» **Work required**
Repeat every entry exactly as it stands. Omit the images.

» **Task inputs**
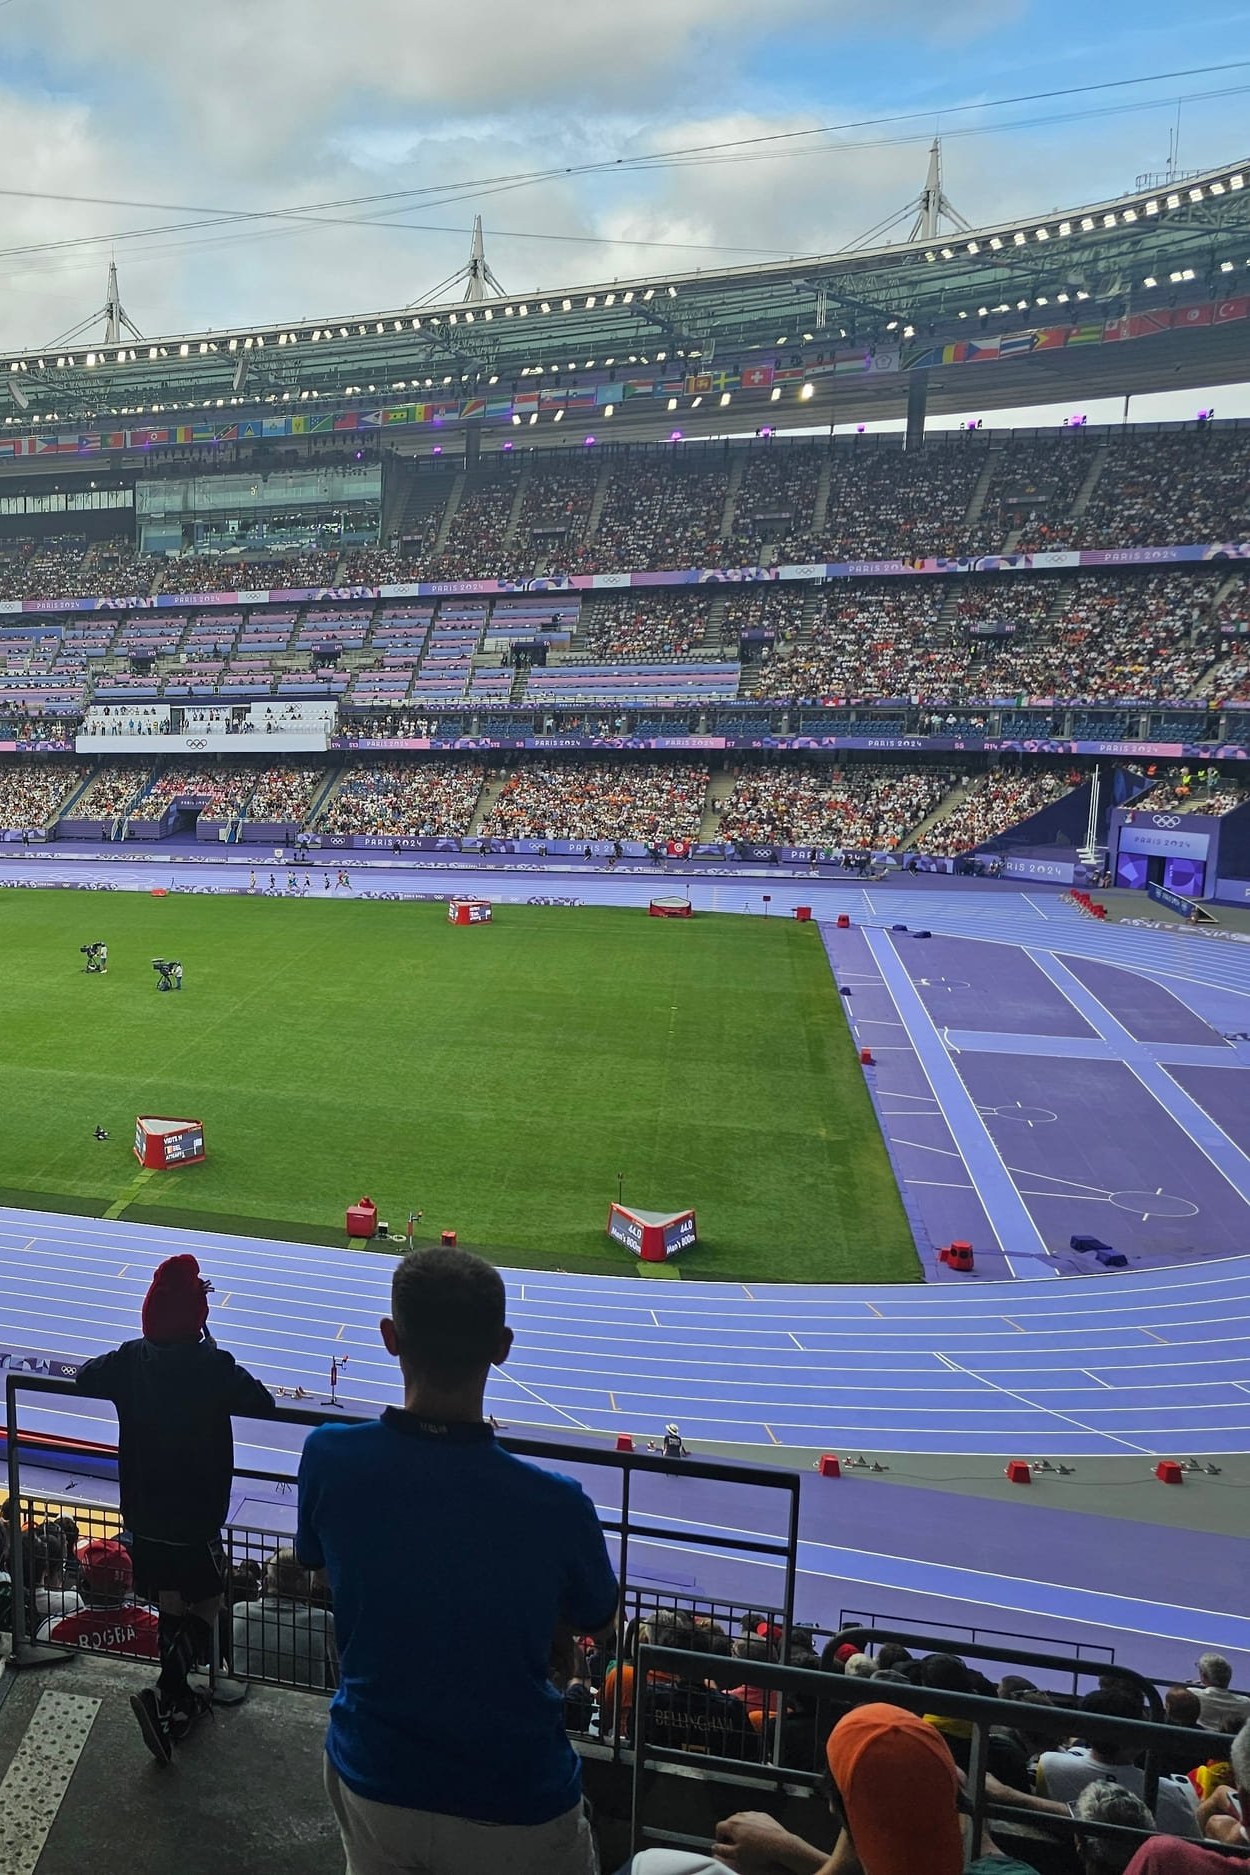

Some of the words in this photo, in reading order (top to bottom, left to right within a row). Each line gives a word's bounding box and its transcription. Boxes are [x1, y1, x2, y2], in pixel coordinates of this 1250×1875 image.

[1144, 551, 1177, 559] 2024
[1134, 836, 1161, 845] PARIS
[1164, 840, 1190, 848] 2024
[1006, 862, 1025, 871] RIS
[1030, 863, 1061, 875] 2024
[628, 1224, 642, 1239] 44.0
[680, 1219, 693, 1233] 44.0
[611, 1226, 626, 1242] Men's
[627, 1237, 642, 1253] 800m
[666, 1240, 681, 1254] Men's
[681, 1235, 695, 1246] 800m
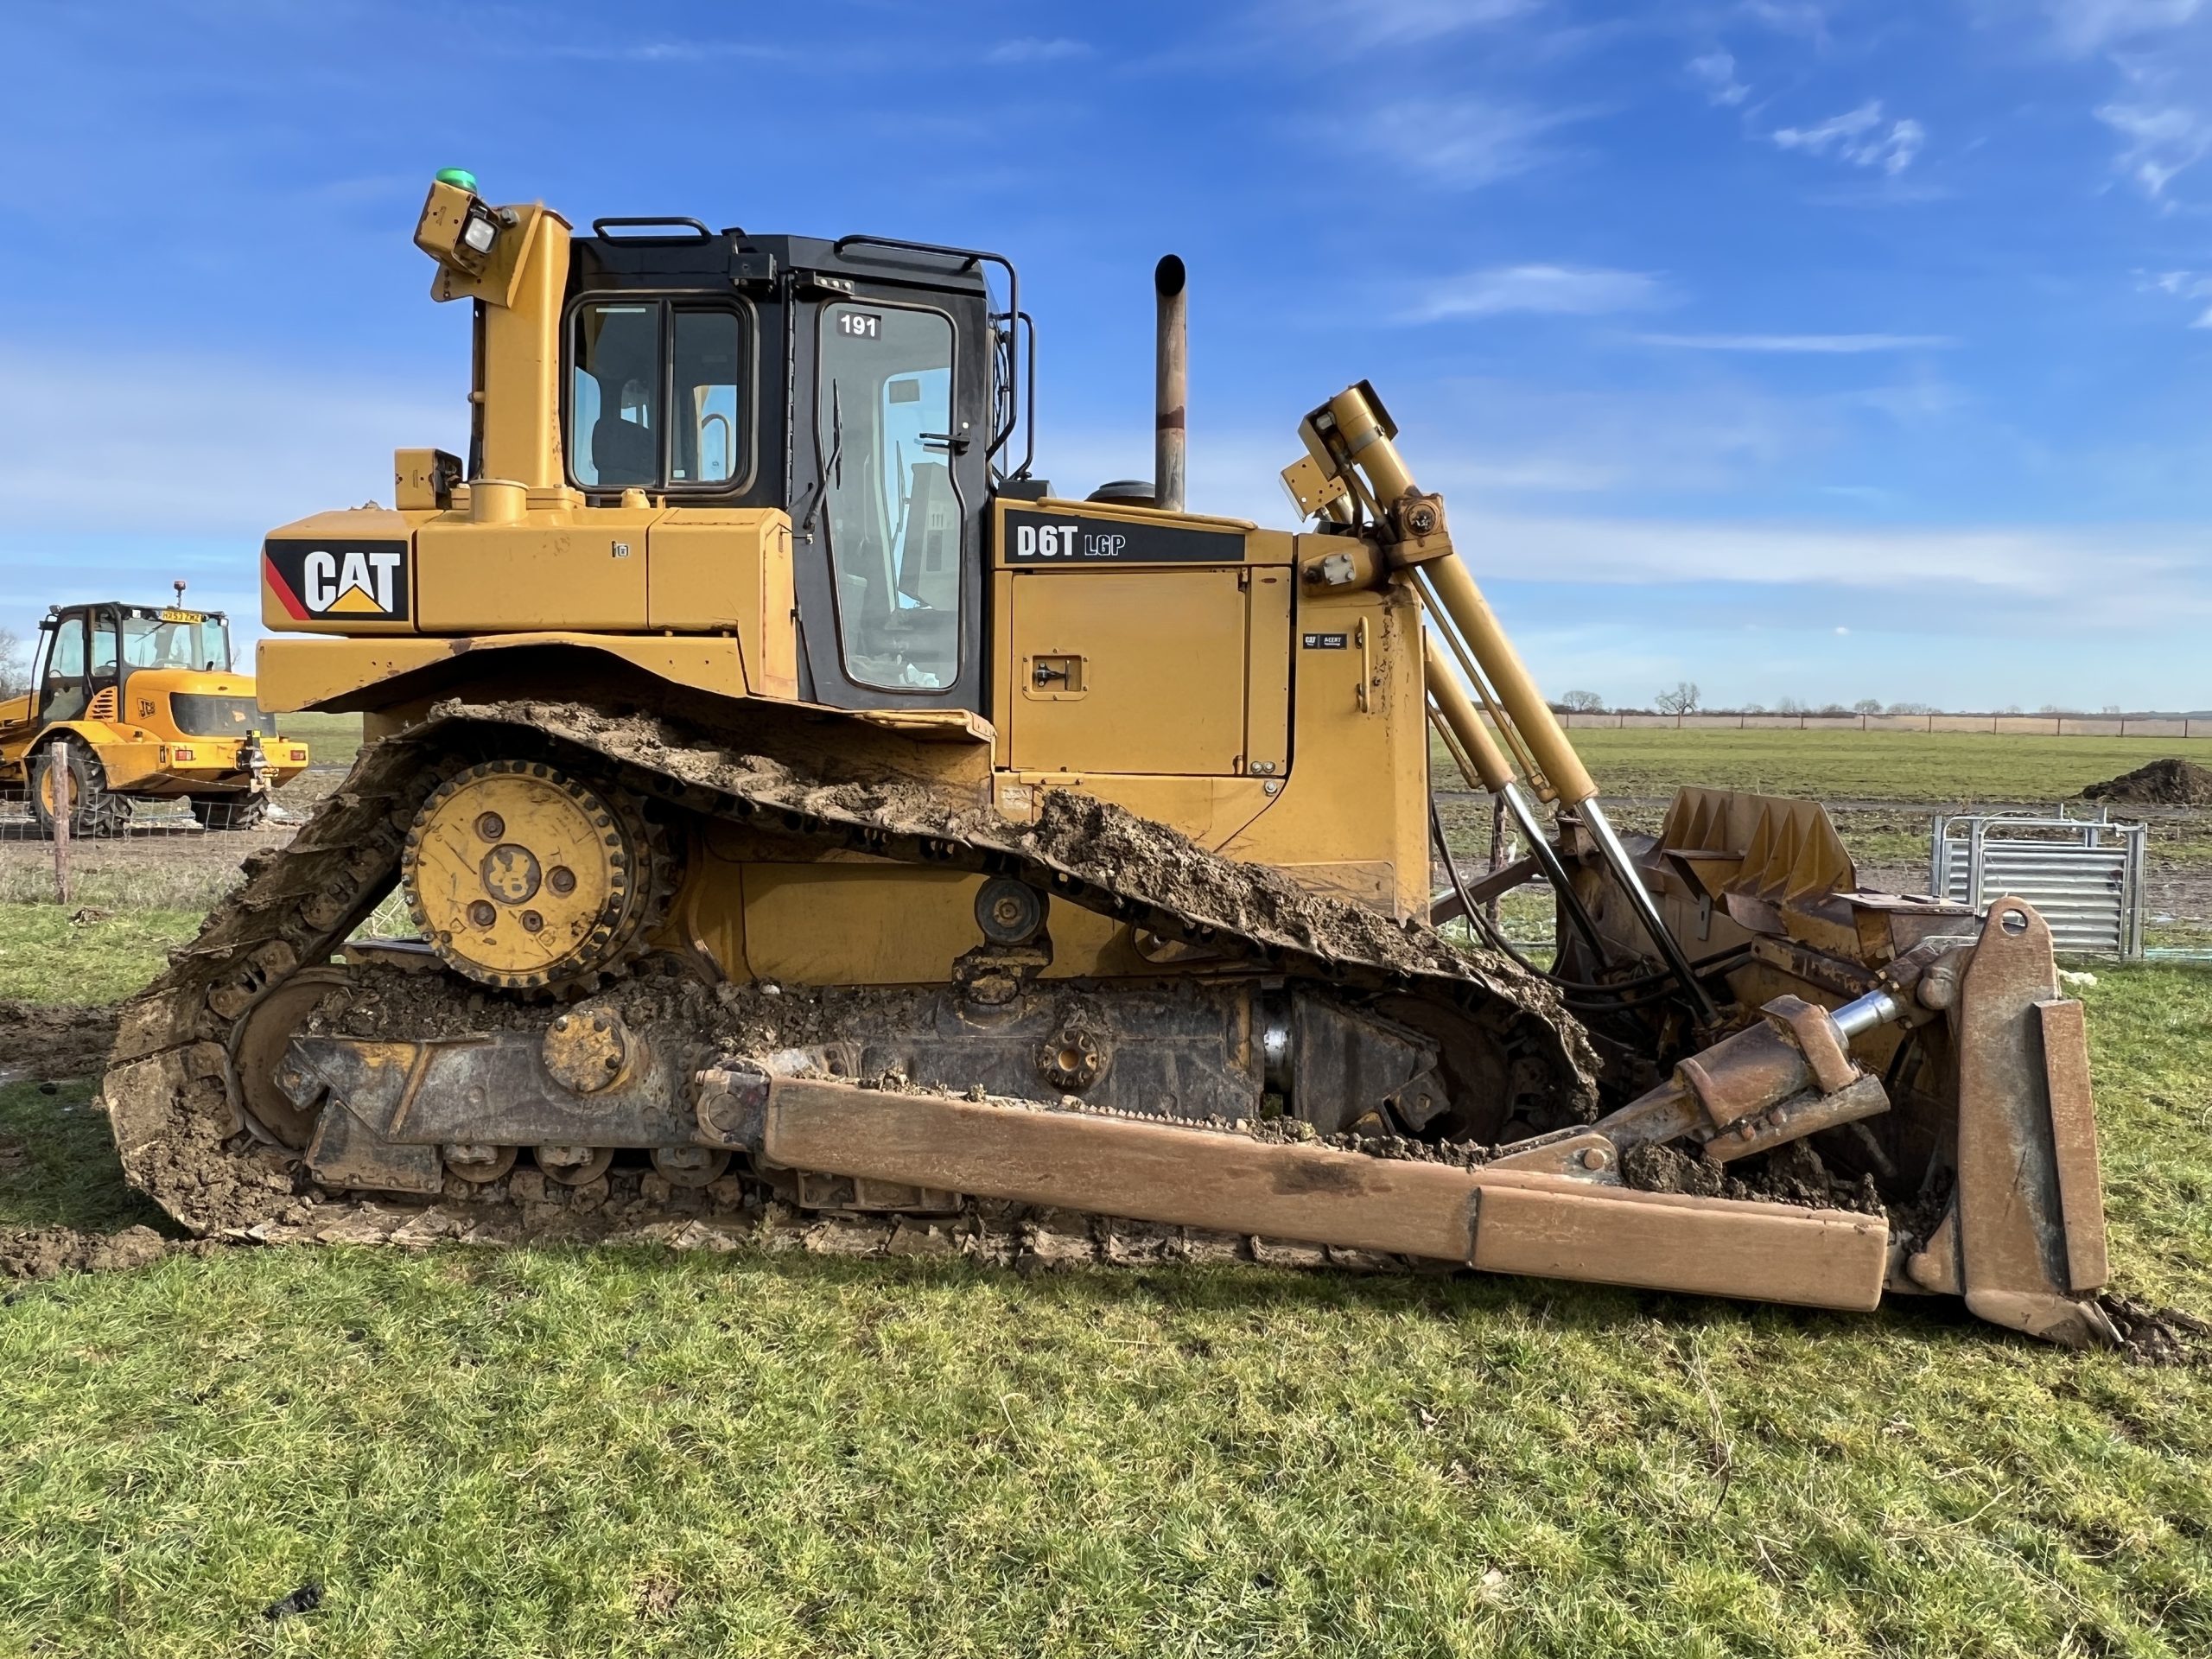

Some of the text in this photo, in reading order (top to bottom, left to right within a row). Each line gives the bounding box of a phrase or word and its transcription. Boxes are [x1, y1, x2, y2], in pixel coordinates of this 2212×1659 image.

» **Answer**
Some of the words in this photo, in reading order (top to bottom, left to right within a row). Each line gives a word's bounding box and its transcription. Boxes are [x1, y1, x2, y2], in pixel coordinates of this 1250×1875 image.

[1144, 551, 1177, 559] 2024
[1134, 836, 1161, 845] PARIS
[1164, 840, 1190, 848] 2024
[1006, 862, 1025, 871] RIS
[1030, 863, 1061, 875] 2024
[628, 1224, 642, 1239] 44.0
[680, 1219, 693, 1233] 44.0
[611, 1226, 626, 1242] Men's
[627, 1237, 642, 1253] 800m
[666, 1240, 681, 1254] Men's
[681, 1235, 695, 1246] 800m

Some of the text in this photo, in reading order (top to bottom, left to right within a row). Each line gives the bounding box of a phrase or word and its transcription. Boxes are [x1, y1, x2, y2], in pixel coordinates of this 2212×1659 image.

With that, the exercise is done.